Sandel ganó el primer asalto e hizo gritar al público con la rapidez de sus ataques arrolladores. Abrumaba a King con avalanchas de puñetazos y King no hacía nada. No golpeó ni una vez, limitándose a cubrirse, a bloquear los golpes, esquivándolos y trabándose para evitar el castigo. En ocasiones fintaba, sacudía la cabeza cuando recibía el peso de un puñetazo y se movía imperturbable, sin saltar, brincar ni desperdiciar un solo gramo de fuerza. Sandel debía sudar la rabia de la Juventud antes de que la discreta Vejez pudiera atreverse a responder. Todos los movimientos de King eran sosegados y metódicos, y sus ojos lentos y de párpados pesados le daban la apariencia de estar medio dormido o atontado. Sin embargo, lo veían todo porque habían sido entrenados para verlo todo durante los veinte años y pico que llevaba peleando. Eran ojos que no pestañeaban ni vacilaban ante un puñetazo inminente, sino que miraban y calculaban la distancia con frialdad.

Sentado en su esquina durante el minuto de descanso al final del asalto, estiró las piernas y descansó los brazos sobre las cuerdas en el ángulo adecuado, mientras su pecho y abdomen subían y bajaban profundamente al tragar el aire producido por las toallas de sus ayudantes. Escuchó con los ojos cerrados los comentarios del público. Muchos gritaban: «¿Por qué no peleas, Tom? Le tienes miedo, ¿es eso?».

«Tiene los músculos agarrotados», oyó comentar a un hombre de la primera fila. «No puede moverse más rápido. Dos a uno por Sandel, me voy a forrar».
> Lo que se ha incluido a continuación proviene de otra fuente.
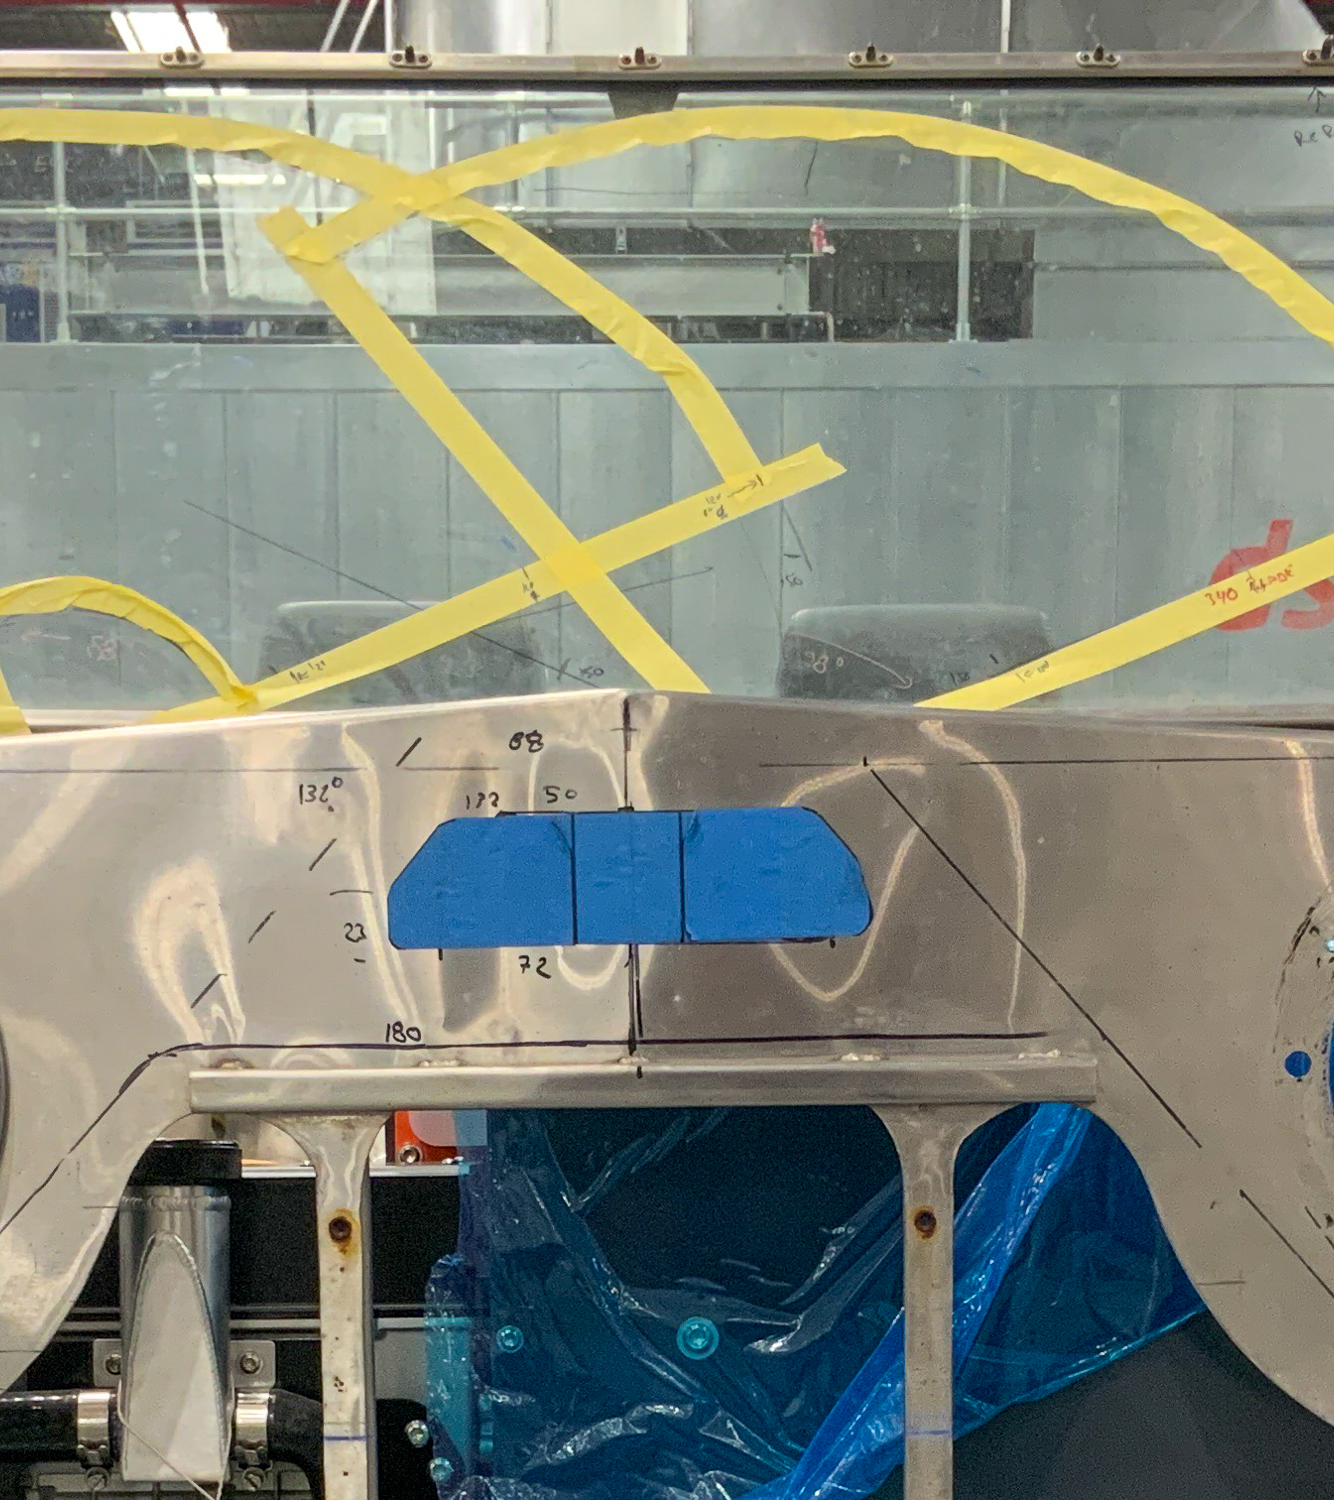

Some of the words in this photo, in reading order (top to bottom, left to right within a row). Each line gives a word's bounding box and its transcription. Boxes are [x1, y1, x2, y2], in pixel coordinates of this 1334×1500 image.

[344, 923, 367, 943] 23
[518, 955, 552, 979] 72
[385, 1021, 422, 1043] 180
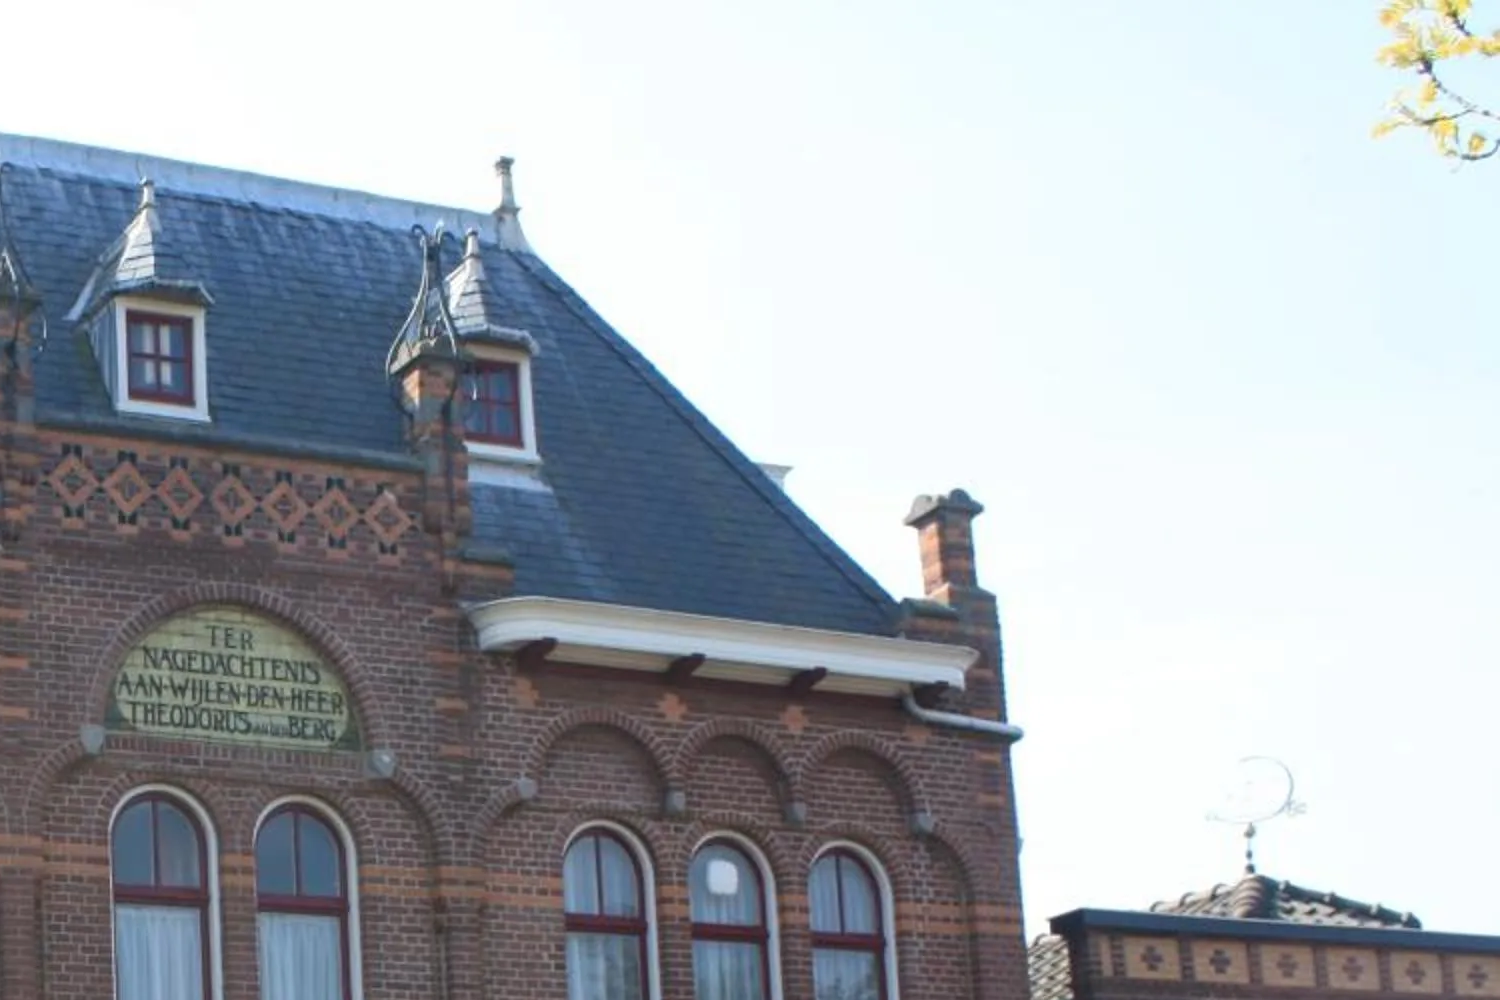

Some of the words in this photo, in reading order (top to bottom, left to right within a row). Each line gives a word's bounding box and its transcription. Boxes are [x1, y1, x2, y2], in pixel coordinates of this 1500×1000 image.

[205, 625, 254, 651] TER
[143, 646, 321, 685] NAGEDACHTENIS
[118, 672, 163, 698] AAN
[246, 685, 285, 711] DEN
[290, 687, 343, 715] HEER
[127, 701, 252, 735] THEODORUS
[288, 715, 336, 742] BERG
Sonó la campana y los púgiles abandonaron sus esquinas. Sandel recorrió tres cuartas partes de la distancia, ansioso por empezar de nuevo; pero King se contentó con cubrir una distancia más corta. Era una actitud acorde con su política de economizar. No había podido entrenar bien ni comido lo suficiente y cada paso contaba. Además, ya había caminado más de tres kilómetros para llegar al cuadrilátero. Fue una repetición del primer asalto, Sandel atacando como un torbellino y el público peguntando, indignado, por qué King no peleaba. Más allá de fintar y propinar varios golpes lentos e ineficaces, no hizo nada, excepto bloquear, esquivar y trabar. Sandel quería marcar un ritmo más rápido, pero King, por experiencia, se negaba a complacerlo. Dejó asomar una sonrisa nostálgica a su semblante maltratado por los golpes y continuó conservando las fuerzas con ese celo del que solo la Vejez es capaz. Sandel era joven y derrochaba su fuerza con el abandono generoso de la Juventud. King dominaba la táctica del cuadrilátero, la sabiduría reunida en infinidad de duros combates. Observaba con los ojos y la cabeza fríos, moviéndose despacio a la espera de que Sandel sudase su rabia. La mayor parte del público creía que King estaba siendo claramente superado por su oponente y expresaba su opinión ofreciendo tres a uno por Sandel. Pero había unos pocos prudentes que conocían a King desde hacía mucho tiempo y que cubrían lo que consideraban un dinero fácil de ganar.

El tercer asalto dio comienzo como los anteriores, muy desigual, con Sandel destacando y castigando al otro. Había transcurrido medio minuto cuando Sandel, en un exceso de confianza, dejó un hueco libre, sin cubrir. Los ojos y el brazo derecho de King relampaguearon al instante. Fue su primer golpe real: un gancho, con el brazo arqueado y torcido para darle rigidez y con todo el peso de su cuerpo medio girado. Fue como si un león que parecía dormido lanzase un zarpazo sin previo aviso. Sandel, al que alcanzó en un lateral de la mandíbula, cayó como un buey. El público dejó escapar un grito ahogado y aplaudió, sobrecogido. Después de todo, aquel hombre no tenía los músculos agarrotados y era capaz de golpear como un mazo.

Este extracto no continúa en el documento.